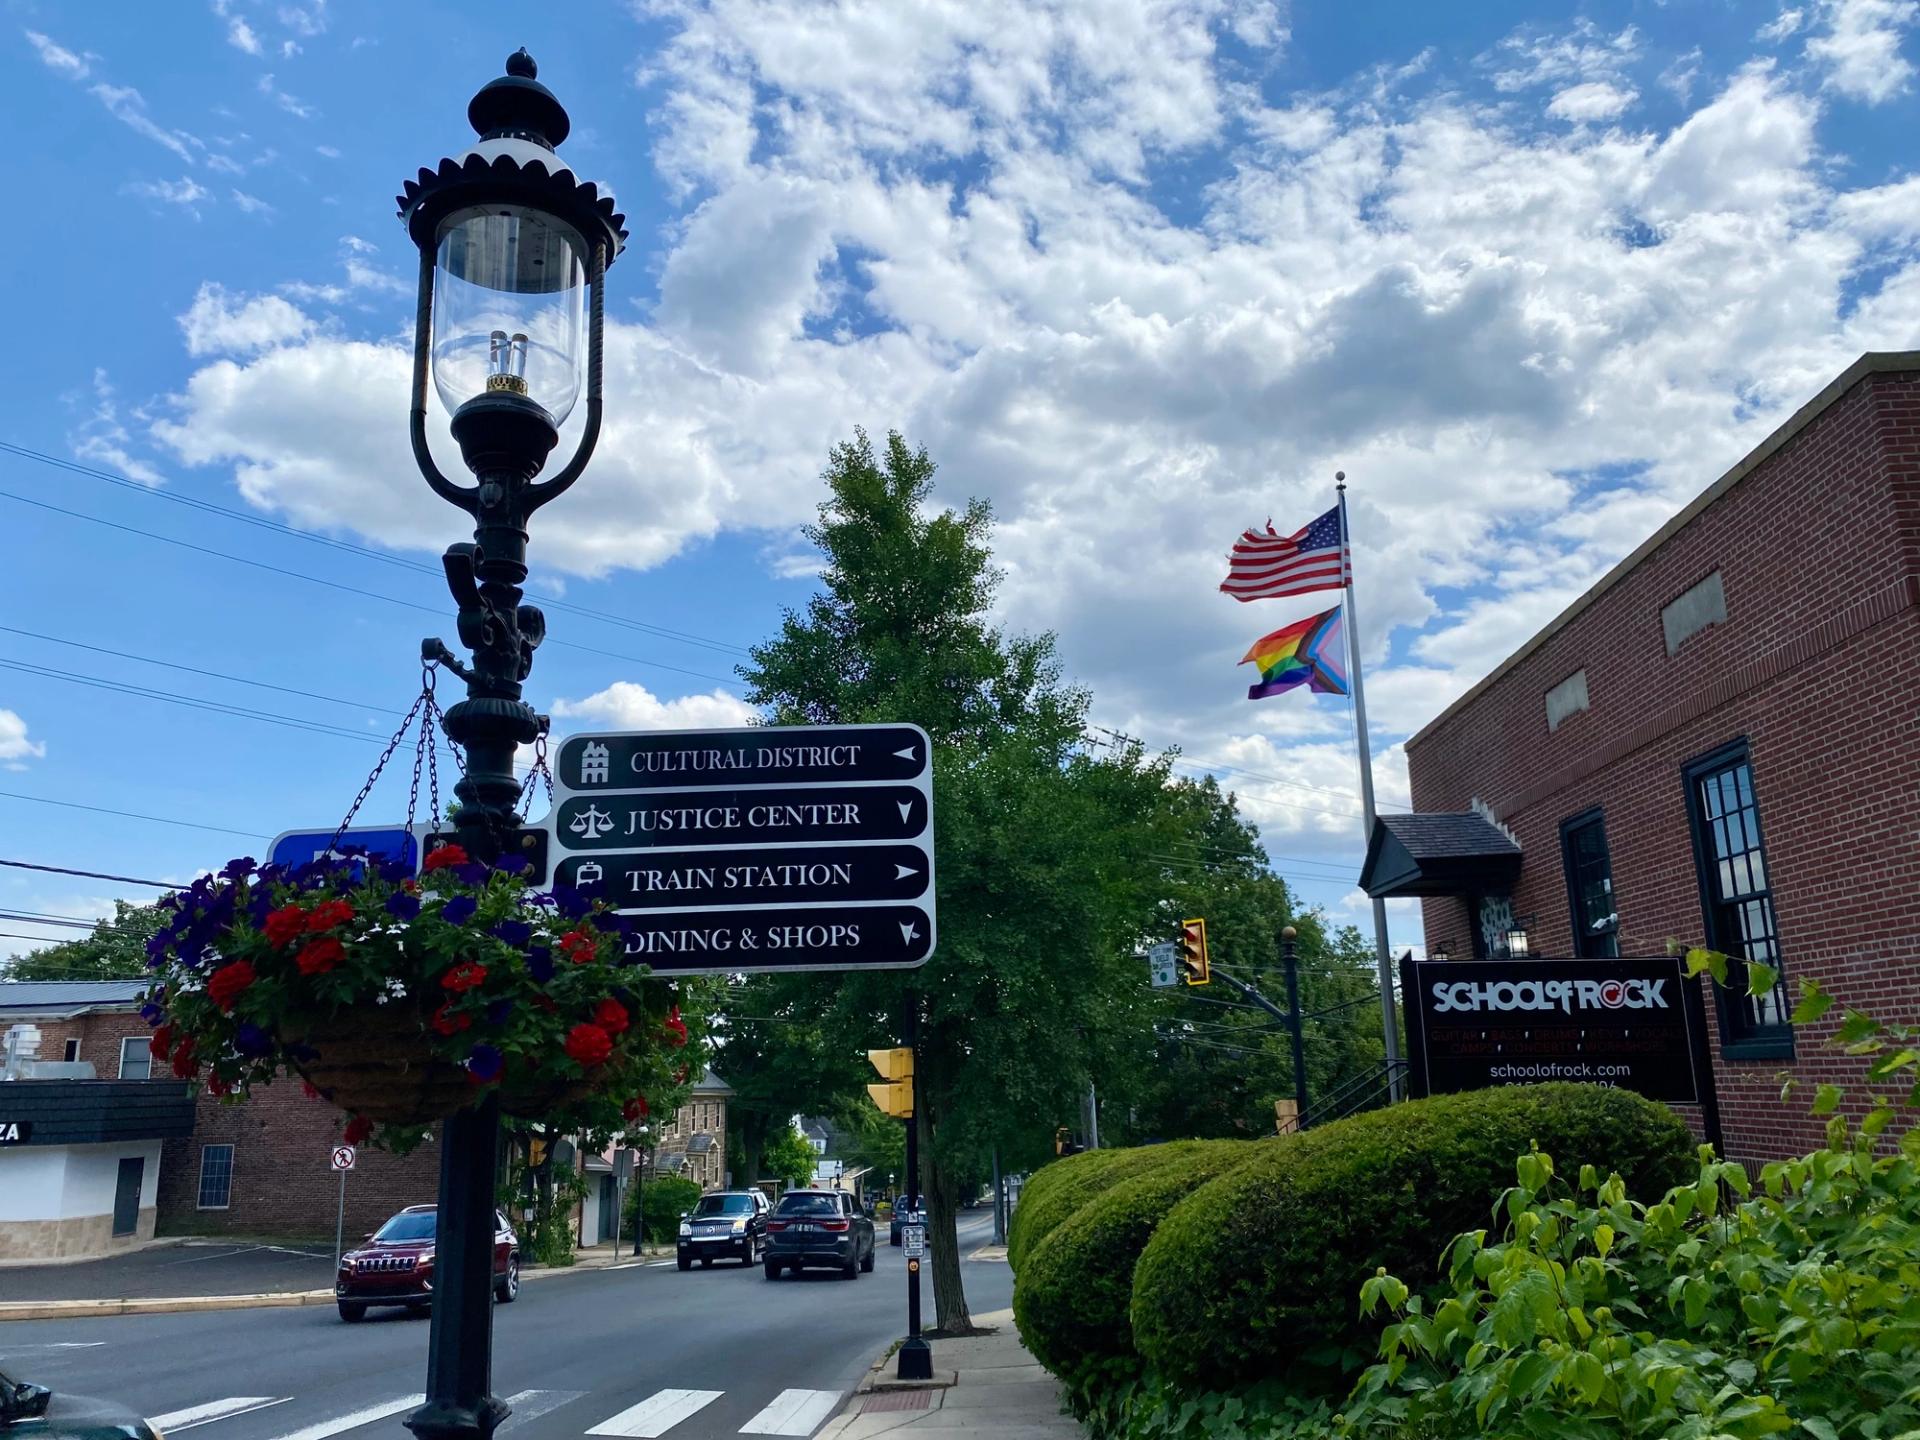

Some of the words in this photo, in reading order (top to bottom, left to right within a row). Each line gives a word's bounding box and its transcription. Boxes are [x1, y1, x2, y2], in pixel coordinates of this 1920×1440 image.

[630, 749, 752, 773] CULTURAL
[757, 745, 861, 769] DISTRICT
[624, 806, 741, 836] JUSTICE
[748, 803, 861, 828] CENTER
[625, 867, 716, 892] TRAIN
[724, 863, 852, 889] STATION
[624, 928, 733, 954] DINING
[739, 927, 760, 951] &
[767, 924, 860, 949] SHOPS
[1490, 1062, 1631, 1077] schoolofrock.com
━━━━
• Task requirements: Recopy the full listing exactly, passing over any picture.

• Response to the task:
Some of the words in this photo, in reading order (top to bottom, left to right within a row). Each line gives a word's bounding box and its transcription. Boxes are [x1, y1, x2, y2], in pixel coordinates of this 1920×1440 image.

[630, 749, 752, 773] CULTURAL
[757, 745, 861, 769] DISTRICT
[624, 806, 741, 836] JUSTICE
[748, 803, 861, 828] CENTER
[625, 867, 716, 892] TRAIN
[724, 863, 852, 889] STATION
[624, 928, 733, 954] DINING
[739, 927, 760, 951] &
[767, 924, 860, 949] SHOPS
[1490, 1062, 1631, 1077] schoolofrock.com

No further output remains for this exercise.